Over the next decade, she designed the cover for the classic rock album Buffalo Springfield Again and Byrds and Linda Ronstadt records, hung out with Nicholson and Michelle Phillips, and dated everyone from Harrison Ford to Morrison. (“I met Jim and proposed him in three minutes”) to Music Director Ahmet Ertegun. She was an extra in The Godfather II, introduced Salvador Dali to Frank Zappa, and helped convince Martin to wear a white suit.
She was published in Rolling Stone and Vogue among other magazines and her books included Eve’s Hollywood, Slow Days, Fast Company, and Sex and Rage. Some were called fiction, others non-fiction, but virtually all of them drew directly from his life – only the names have changed.
It undermined the most unusual and everyday moments – ice skating, shopping, screening of the surf movie Five Summer Stories, Los Angeles Dodgers game. In The Answer, she drops acid with a local hippie-bohemian who decides he needs to go to the bank.
“He took off his clothes, his blue jeans and his t-shirt, and I watch him shower in nice hot water,” she wrote. “I sat on the bed as he put on different clothes that I had never seen before. He put on socks first, then underpants. When he was done, he was wearing a gray three-piece suit and a watch chain with a gold watch. He looked like a nice Wall Street Journal ad in the New Yorker and he was my big blue eyed friend.
Babitz’s life was romance, farce, melodrama and, almost, precocious tragedy. She became so addicted to cocaine that in the early 1980s a friend remembered her apartment floor being covered in blood and Kleenex. In 1997, she nearly died of burns when she tried to smoke a cigar while driving. She’s healed enough to describe it in the essay, I Was Lovely, the title of a joke she told one of her keepers.
“For many people, the idea of prolonged bed rest sounds like heaven. But the truth is, lying in bed gets no respect and being a burnt patient is a visit to the land of torture, ”she wrote. “Everyone keeps telling you to relax, which you have absolutely no way of doing anyway. “
She would argue that she never made it, only close enough to “smell the stench.” Her books sold modestly, early reviews were mixed, and she rarely published after the 1990s. But the world caught up with her.
After most of her work sold out, she was hailed in a 2014 Vanity Fair article by Anolik as a neglected and unyielding genius. Eve’s Hollywood, Slow Days, Fast Company and other books have been reissued, a much-loved biography of Anolik was published in 2019, and Babitz was discovered by a generation of younger women, leading him to joke: “Before , there were only men who loved me, now there are only girls.
Hollywood was in his blood. His father was a violinist with the Twentieth Century Fox Orchestra, his mother an artist and his godfather Igor Stravinsky. She didn’t have to work hard to drop names because the names seemed to be falling from the sky. In high school in Hollywood, her classmates included Linda Evans, Tuesday Weld and Yvette Mimieux, a “movie star, even when she banged in front of you in the cafeteria line.”

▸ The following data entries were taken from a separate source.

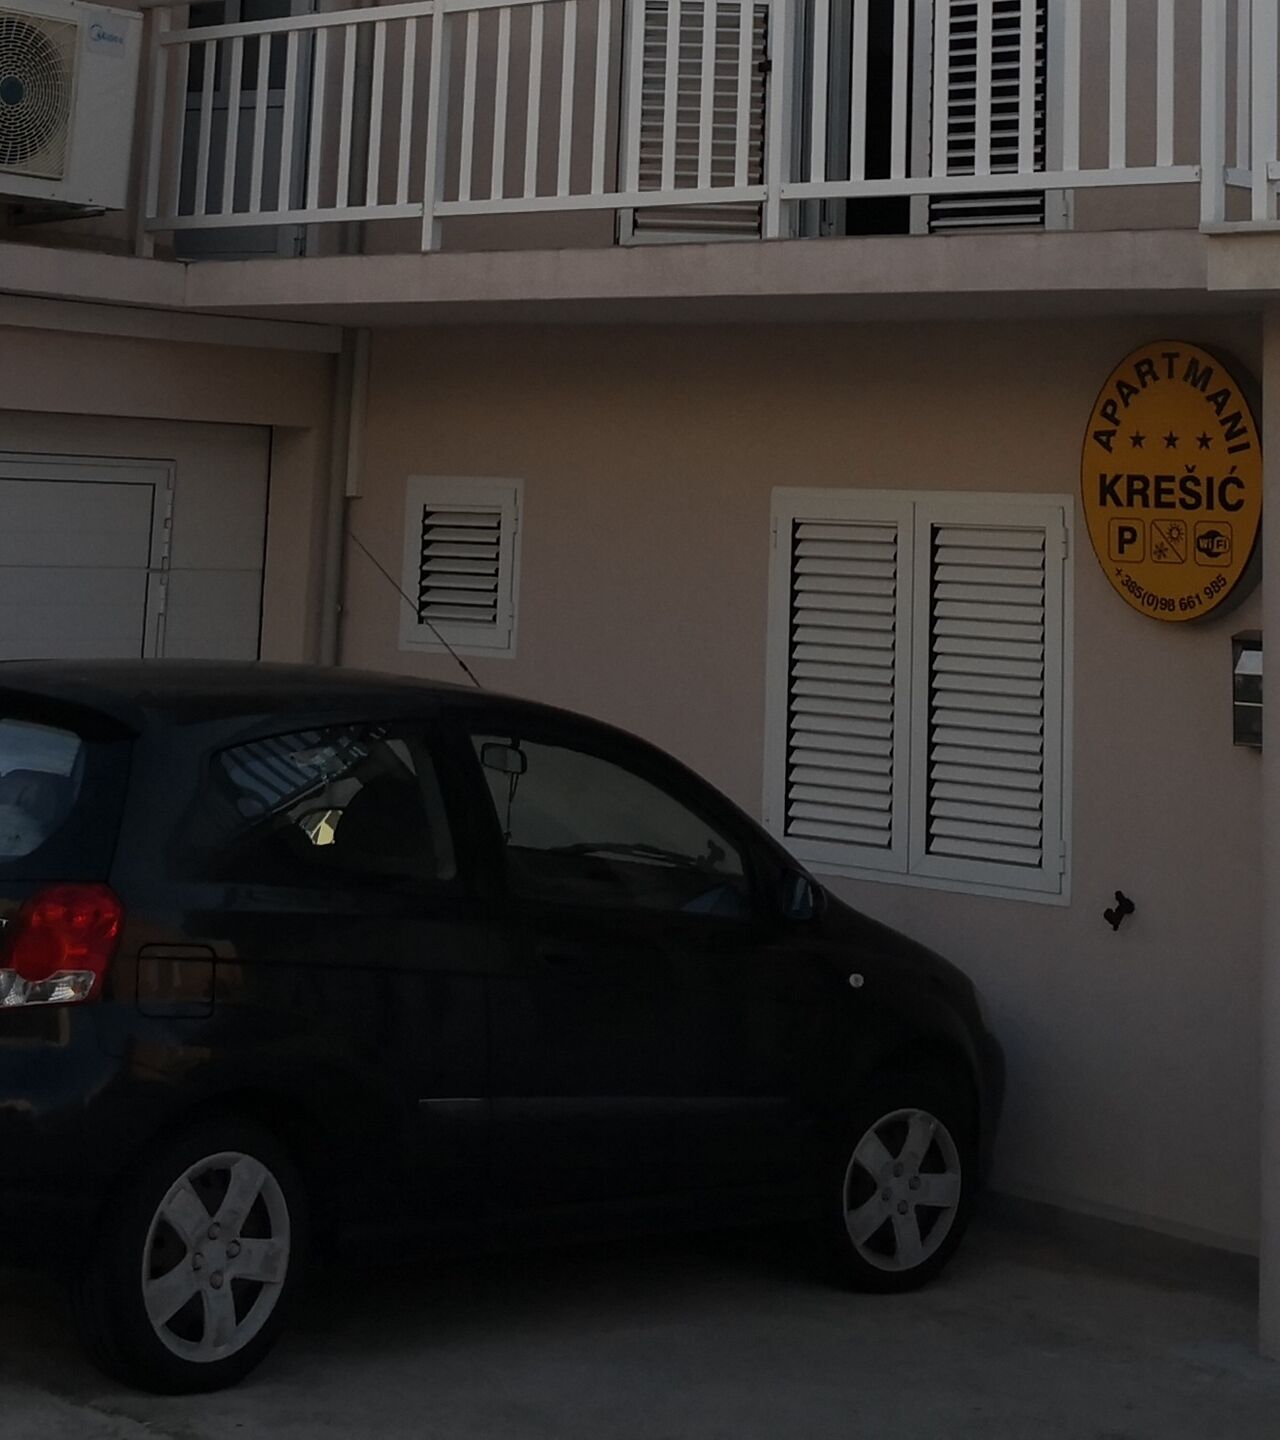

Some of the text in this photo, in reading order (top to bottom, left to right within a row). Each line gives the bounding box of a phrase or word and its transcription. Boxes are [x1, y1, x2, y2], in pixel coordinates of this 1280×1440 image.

[1093, 351, 1251, 454] APARTMANI
[1098, 464, 1246, 512] KREŠIĆ
[1179, 592, 1204, 612] 661
[1203, 573, 1228, 600] 985
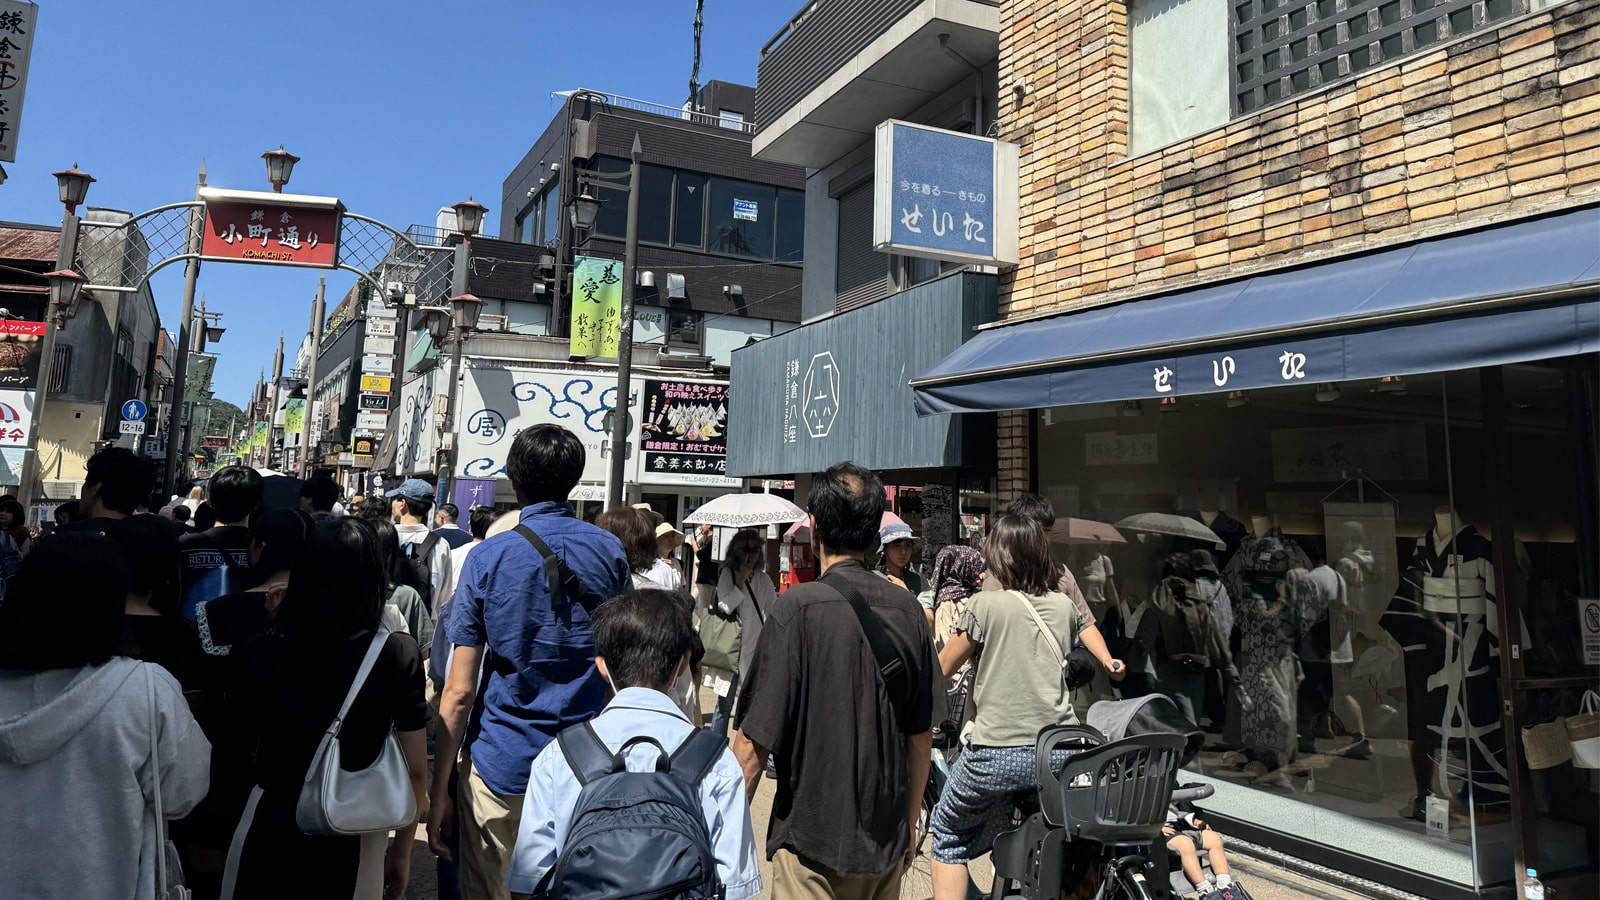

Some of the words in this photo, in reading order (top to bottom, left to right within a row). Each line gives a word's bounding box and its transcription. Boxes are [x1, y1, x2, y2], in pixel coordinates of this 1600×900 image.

[250, 209, 294, 224] 鎌倉
[901, 203, 986, 242] せいた
[221, 223, 319, 249] 小町通り
[242, 249, 281, 260] KOMACHI
[281, 252, 293, 261] ST.
[0, 376, 29, 385] バーグ
[788, 358, 799, 443] 鎌倉八座
[121, 423, 143, 432] 12-16
[653, 456, 726, 471] 登美太郎の店

She wrote that she was taken home as a teenager and kissed by an older man, Johnny Stompanato, who in one of Hollywood’s most sensational scandals was later murdered by Lana’s daughter Turner in what was found to be justifiable homicide.
Babitz lived a year in New York and a few months in Rome, but Los Angeles was his home and his inspiration, a playground for self-invention, a “gigantic and sprawling studio in progress”. In her essay Daughters of the Wasteland, she recalled her disbelief that others could find Los Angeles empty and unlivable.

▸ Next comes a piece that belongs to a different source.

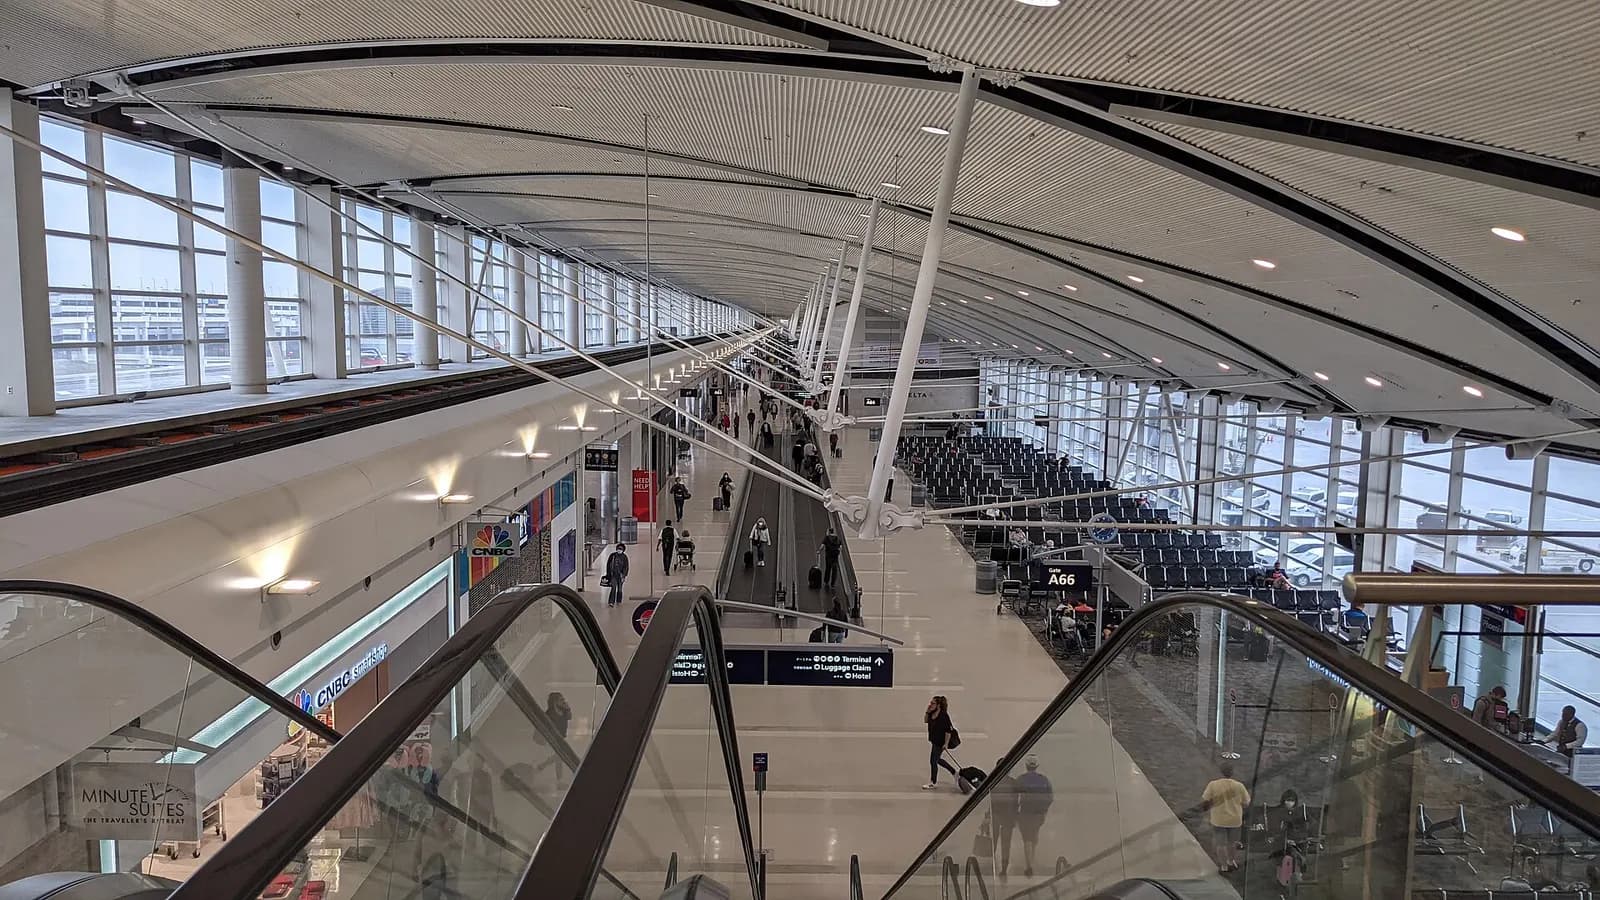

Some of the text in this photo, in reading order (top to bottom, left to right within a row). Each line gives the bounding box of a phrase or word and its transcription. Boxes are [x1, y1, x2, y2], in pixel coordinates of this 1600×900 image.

“‘Wasteland’ is a word I don’t understand anyway because physically, surely, they couldn’t have thought it was a wasteland – there are all those citrus fruits and flowers growing everywhere. She wrote. “Culturally, LA has always been a wet jungle full of bubbling LA projects that I guess people in other places can’t see. It takes a certain innocence to love LA, from Anyway, it takes some inner happiness to be happy in LA, to choose it, and to be happy here.